* What to produce: The full listing should be written out verbatim, and its images should be dropped.

* Exercise materials:
>>>
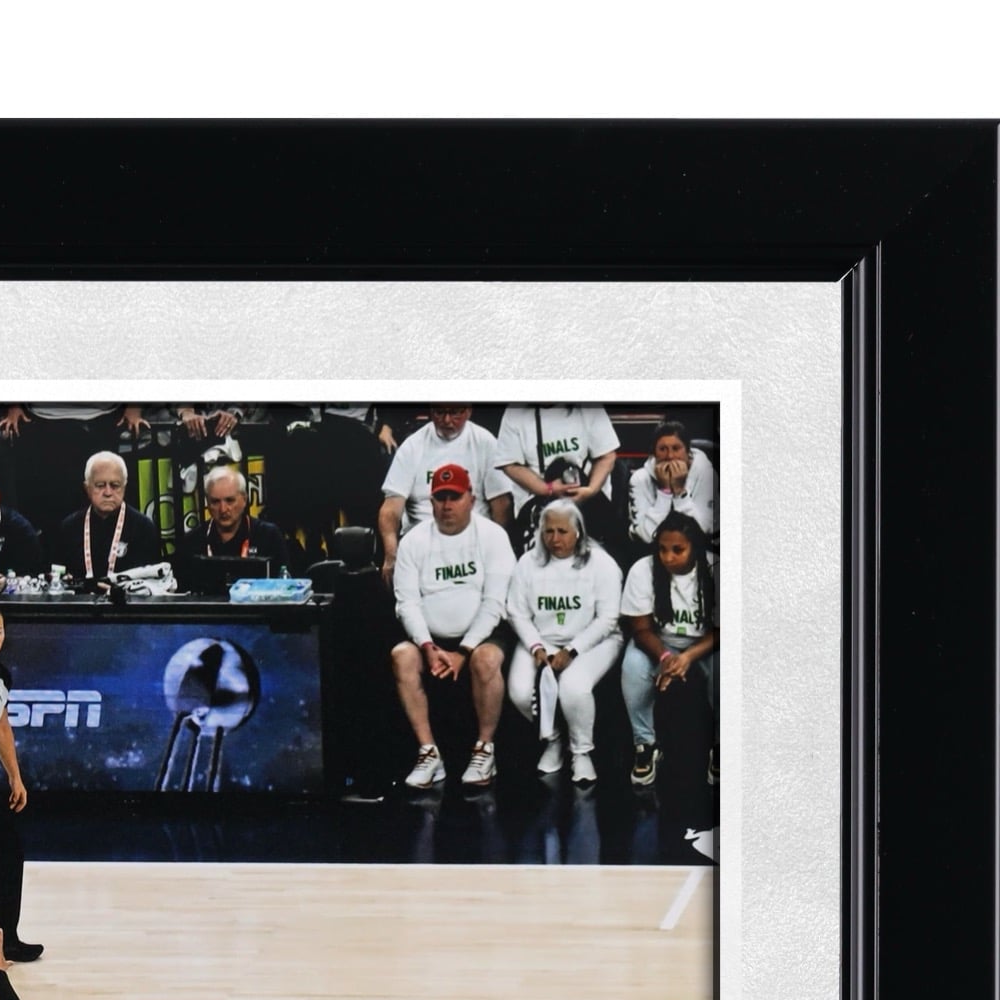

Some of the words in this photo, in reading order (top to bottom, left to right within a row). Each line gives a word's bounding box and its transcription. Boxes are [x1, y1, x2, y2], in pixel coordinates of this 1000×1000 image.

[542, 437, 580, 458] INALS
[435, 561, 477, 581] FINALS
[537, 596, 582, 611] FINALS
[674, 610, 700, 624] NALS
[7, 690, 102, 727] SPN
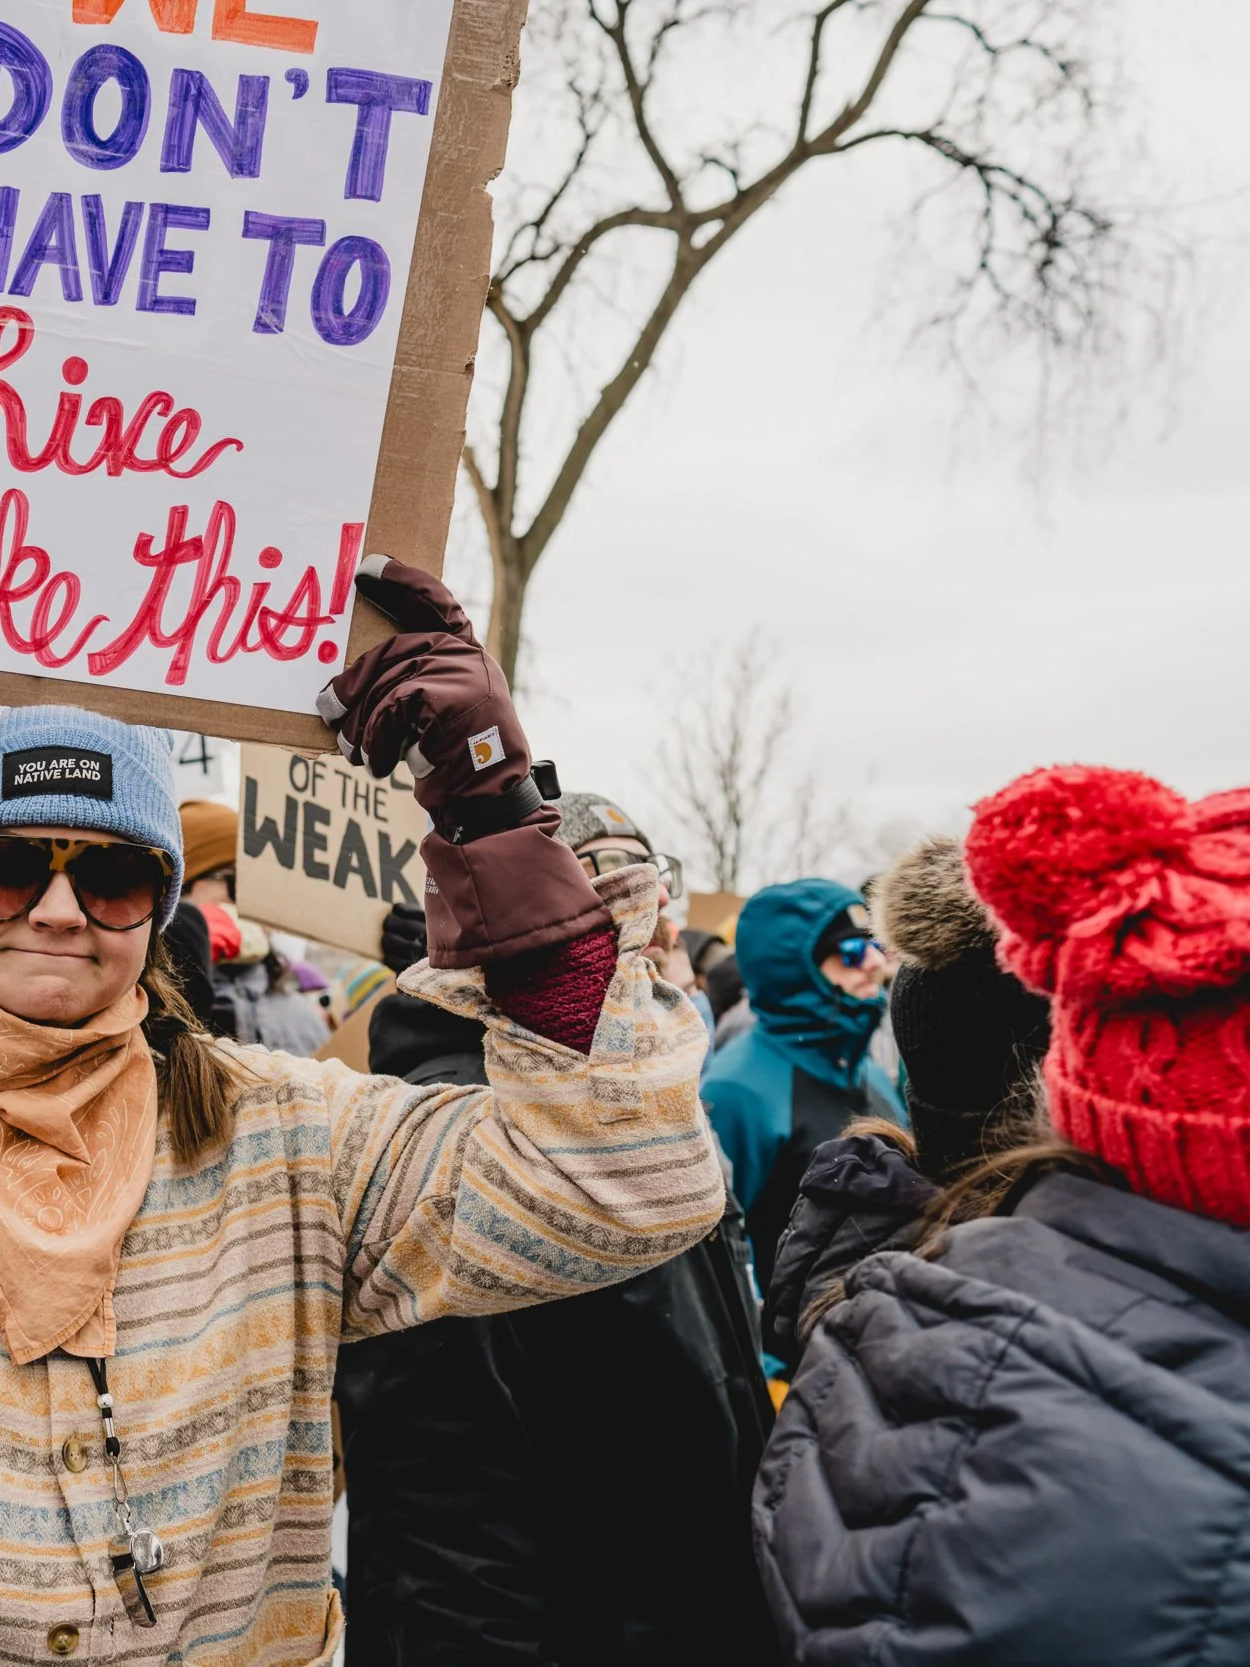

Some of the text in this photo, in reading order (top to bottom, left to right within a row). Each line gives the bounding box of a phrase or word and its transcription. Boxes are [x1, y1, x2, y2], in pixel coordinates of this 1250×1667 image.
<<<
* The answer:
Some of the words in this photo, in reading order (top to bottom, left to right within a row). Each line gives a word's bounding box and its transcription. Boxes are [x1, y1, x2, y2], in pixel coordinates of this 1000×1000 image.

[542, 437, 580, 458] INALS
[435, 561, 477, 581] FINALS
[537, 596, 582, 611] FINALS
[674, 610, 700, 624] NALS
[7, 690, 102, 727] SPN

Some of the text in this photo, in reading order (top to bottom, left to right within a row). Each line gives the bounding box of a phrase or word and its transcription. Boxes are [x1, y1, x2, y2], in pixel coordinates of this 1250×1667 image.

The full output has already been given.